East Timorese political party and former resistance movement

The Revolutionary Front for an Independent East Timor (Frente Revolucionária do Timor-Leste Independente, abbreviated as Fretilin) is a centre-left political party and former national liberation movement in Timor-Leste. It presently holds 19 of 65 seats in the National Parliament. Fretilin formed the government in East Timor until its independence in 2002. It obtained the presidency in 2017 under Francisco Guterres but lost in the 2022 East Timorese presidential election.

Fretilin began as a resistance movement that fought for the independence of East Timor from Portugal in 1974 and proceeded to resist the Indonesian occupation of East Timor until 1999. Upon gaining her total independence in 2002, Fretilin became one of several parties competing for power in a multi-party system.

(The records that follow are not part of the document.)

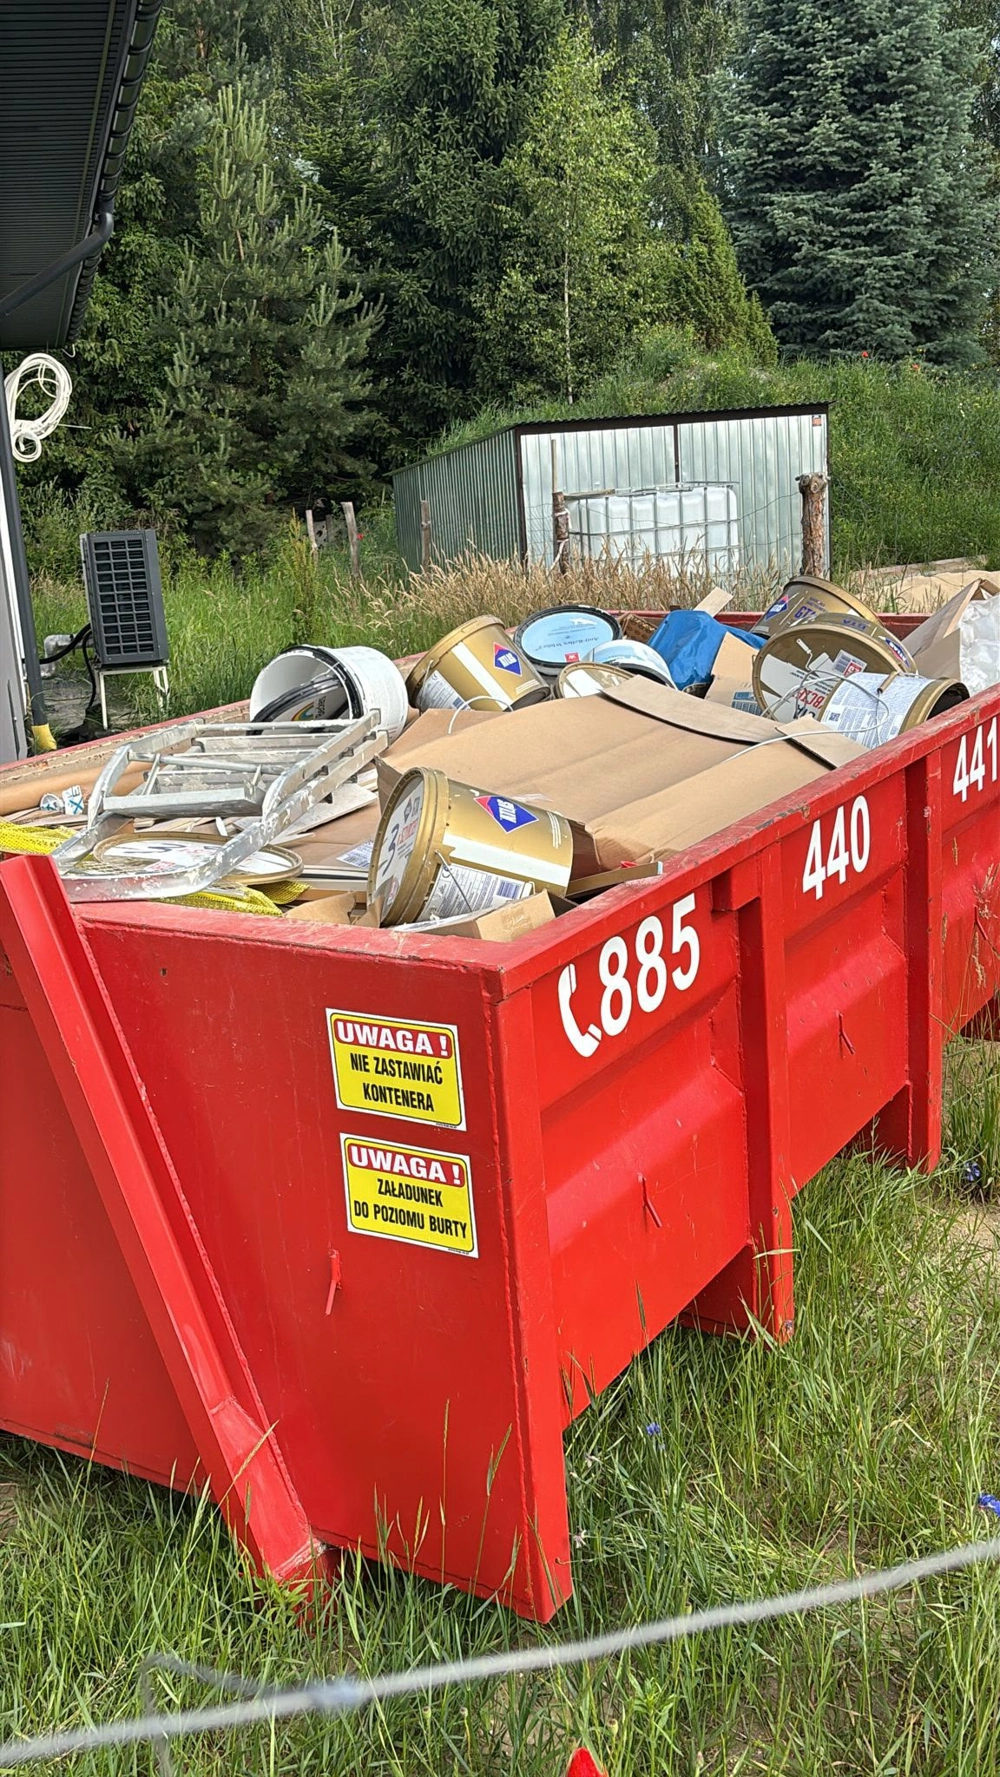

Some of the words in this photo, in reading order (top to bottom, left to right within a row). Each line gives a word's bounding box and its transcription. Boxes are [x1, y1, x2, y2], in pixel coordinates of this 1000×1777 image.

[599, 893, 700, 1037] 885
[802, 795, 870, 900] 440
[952, 717, 998, 802] 441
[337, 1021, 433, 1055] UWAGA
[350, 1052, 370, 1073] NIE
[374, 1056, 443, 1085] ZASTAWIAĆ
[363, 1082, 435, 1112] KONTENERA
[350, 1145, 446, 1183] UWAGA
[377, 1178, 443, 1207] ZAŁADUNEK
[354, 1199, 369, 1218] DO
[373, 1203, 425, 1230] POZIOMU
[429, 1214, 467, 1239] BURTY
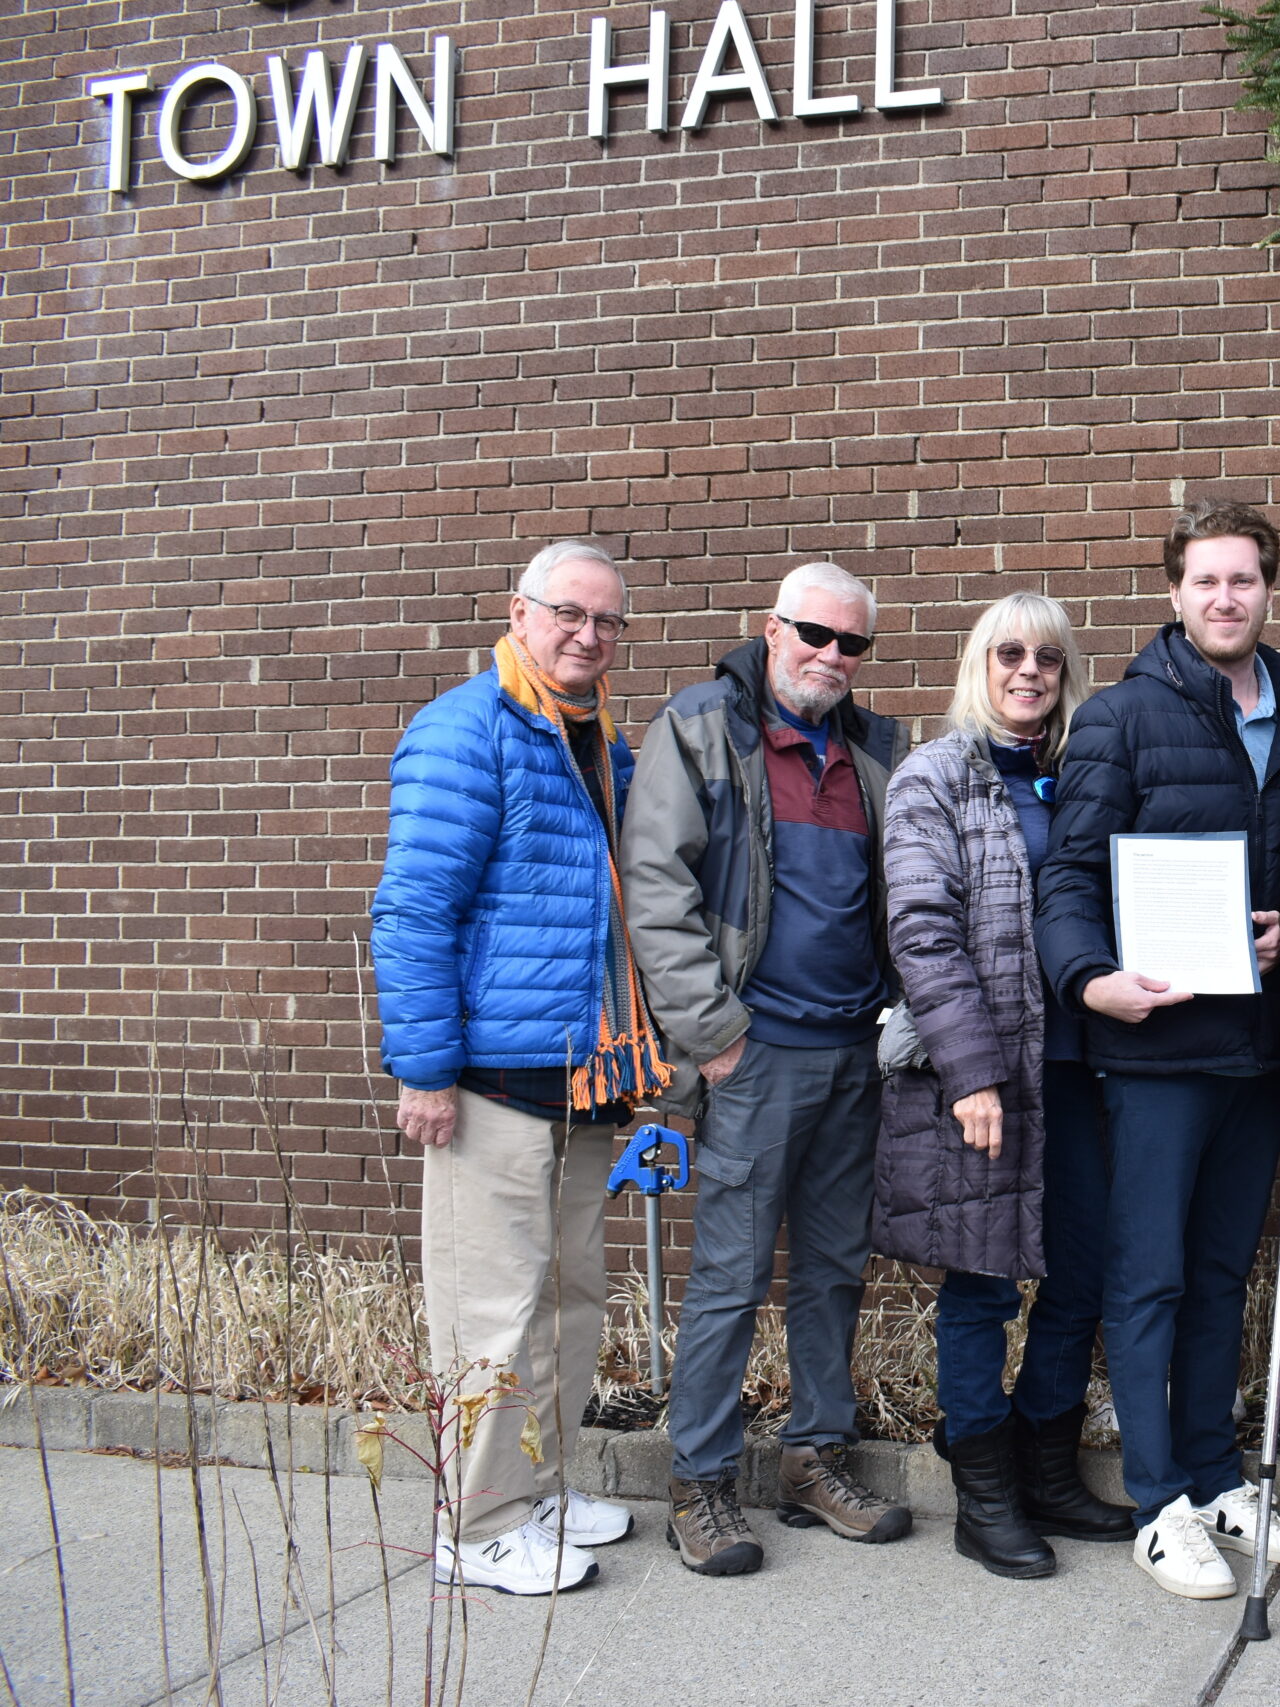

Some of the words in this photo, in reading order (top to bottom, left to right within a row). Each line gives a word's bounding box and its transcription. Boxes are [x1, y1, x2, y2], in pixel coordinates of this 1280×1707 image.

== History before independence==
=== Ascendancy and destruction ===
Fretilin was founded on 20 May 1974 as the Timorese Social Democratic Association (ASDT). The ASDT renamed itself to Fretilin on 11 September 1974 and took a more radical stance, proclaiming itself the "sole legitimate representative" of the East Timorese people. In response to a coup by the Timorese Democratic Union (UDT) on 11 August 1975, Fretilin hastily formed an armed wing called Falintil, which emerged victorious after a three week civil war. Falintil would continue to wage war against the ABRI during its invasion on 7 December 1975 and ensuing occupation.

Fretilin formally declared East Timor's independence from Portugal on 28 November 1975 and inaugurated an 18-member cabinet with members of the Fretilin Central Committee with Francisco Xavier do Amaral as president and Nicolau dos Reis Lobato as both vice president and prime minister. The two men fell out as the pressures from the occupation escalated, and in September 1977 Lobato had do Amaral arrested for "high treason". On 31 December 1978, Lobato, do Amaral's successor as president, was killed by the Indonesian forces. He was succeeded by António Duarte Carvarino, who served until he was also tracked down and executed by Indonesian forces on 2 February 1979.

Fretilin came under enormous pressure in the late 1970s. From September 1977 to February 1979, only three of the 52 members of Fretilin's Central Committee survived.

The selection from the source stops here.